1\. Financial services will re-evaluate the risks of this kind of attack vs.
the cost of assigning more resources to guard against it.

2\. Governments will finally start taking IT security seriously.

The latter is the more interesting, because while banks are generally
reasonably clued up about balancing risks and will simply adjust their current
practices, elected representatives who aren't technically inclined will
probably be discolouring their underwear over the fall-out if the bad guys
really tried to do some damage, given that it is this easy for a few upset
people to cripple the world's payment systems.

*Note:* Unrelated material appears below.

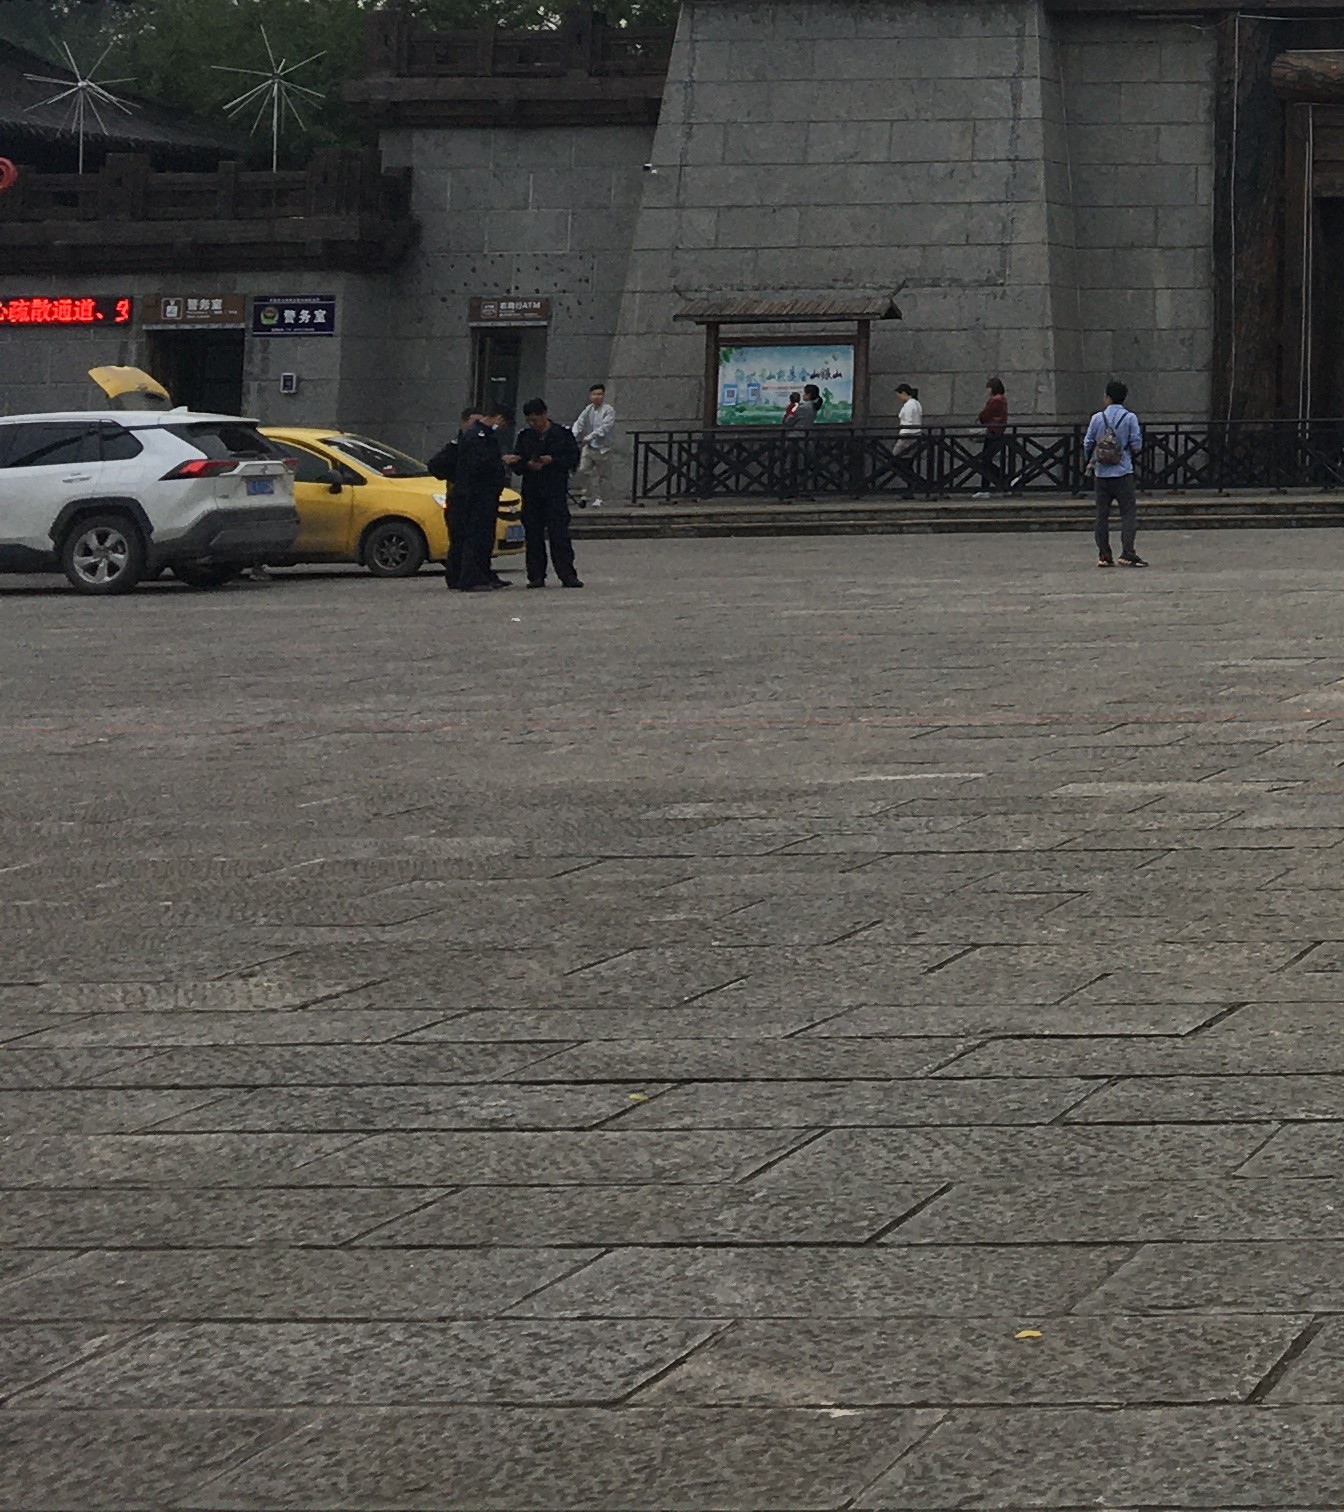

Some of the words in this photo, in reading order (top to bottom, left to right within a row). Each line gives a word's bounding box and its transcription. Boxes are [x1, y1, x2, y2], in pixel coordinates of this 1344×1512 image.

[187, 298, 223, 310] 警务室
[283, 309, 326, 324] 警务室
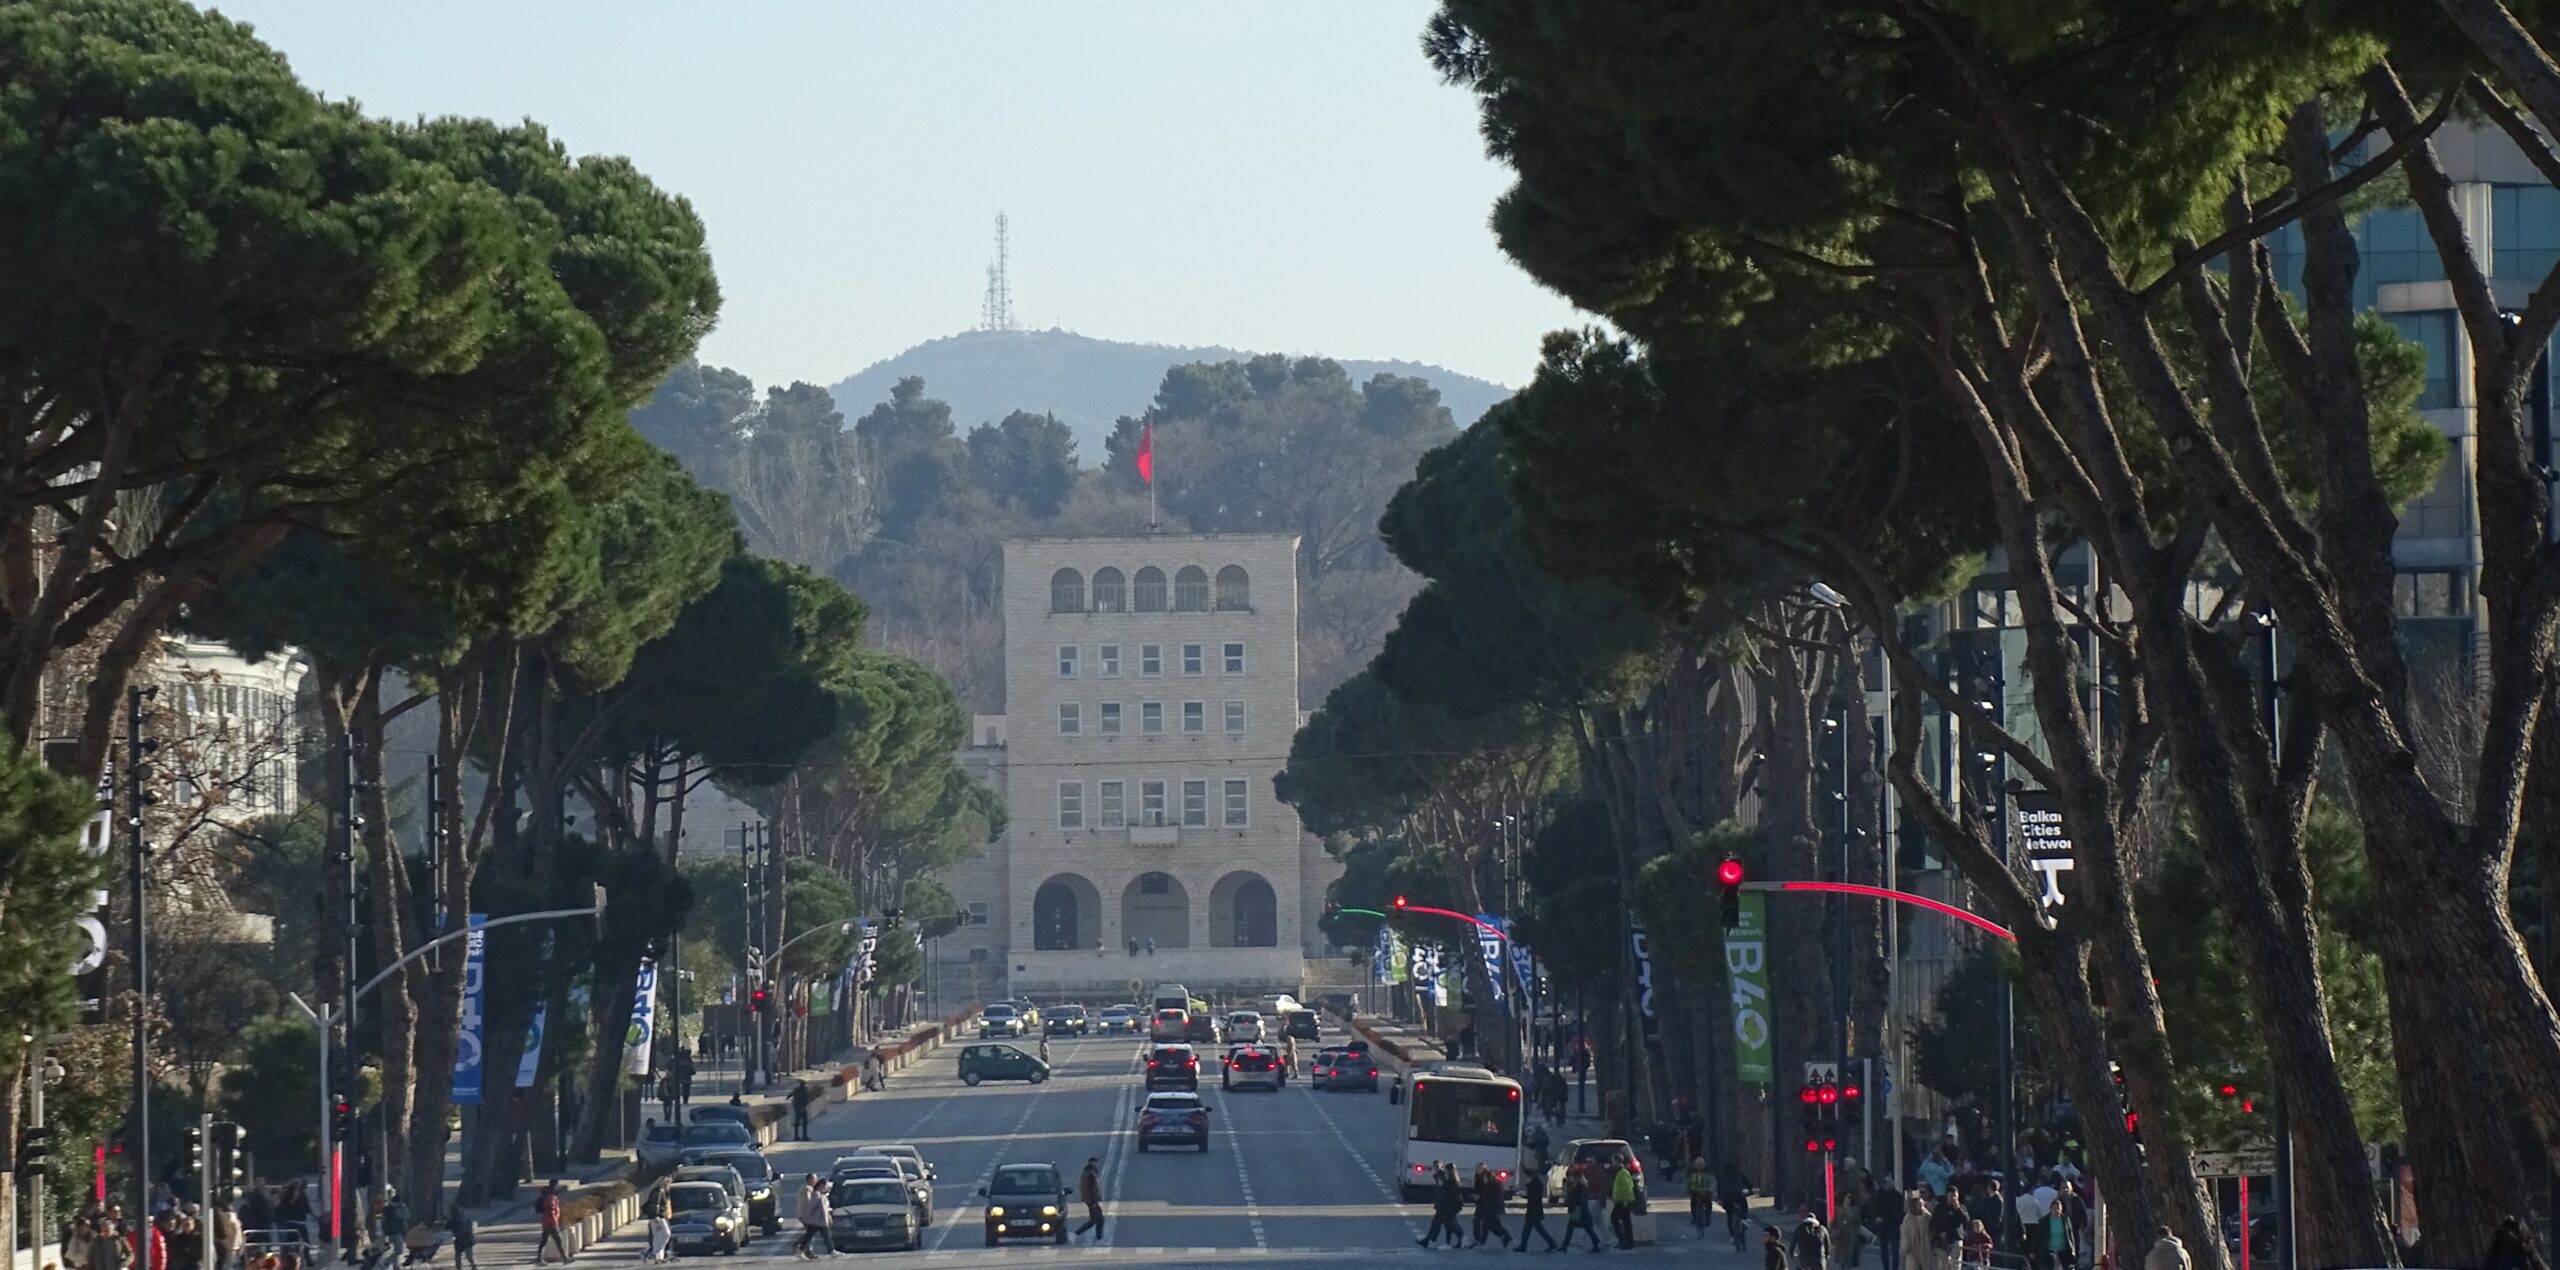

I suspect that as a reuslt, we can look forward to increasingly draconian
penalties being introduced for this sort of action in most jurisdictions, the
end of on-line anonymity as it has been known, and ruthless
throttling/disconnection of entire ISPs/countries that don't play ball with
either of the above. If you thought government reactions to copyright
infringement were heavy-handed, I imagine they will look like a nun comforting
a child compared to what is coming next.

The sad thing is that better security, robustness, user authentication, etc.
should have been built into the Internet by default for years, but the same
"Wild West" evolution that was so successful in the early days has also been a
poor driver of consolidation now that the Internet isn't just a toy for the
military types and the universities any more. Maybe the Powers That Be will
finally start taking serious advice about IT from people who know what they're
talking about and collectively give the issues the attention they deserve. (I
won't hold my breath, though; this could all end in tears, with a mess of ill-
informed and poorly-implemented measures that cause all kinds of additional
dangers to innocent people without actually fixing the real problem.)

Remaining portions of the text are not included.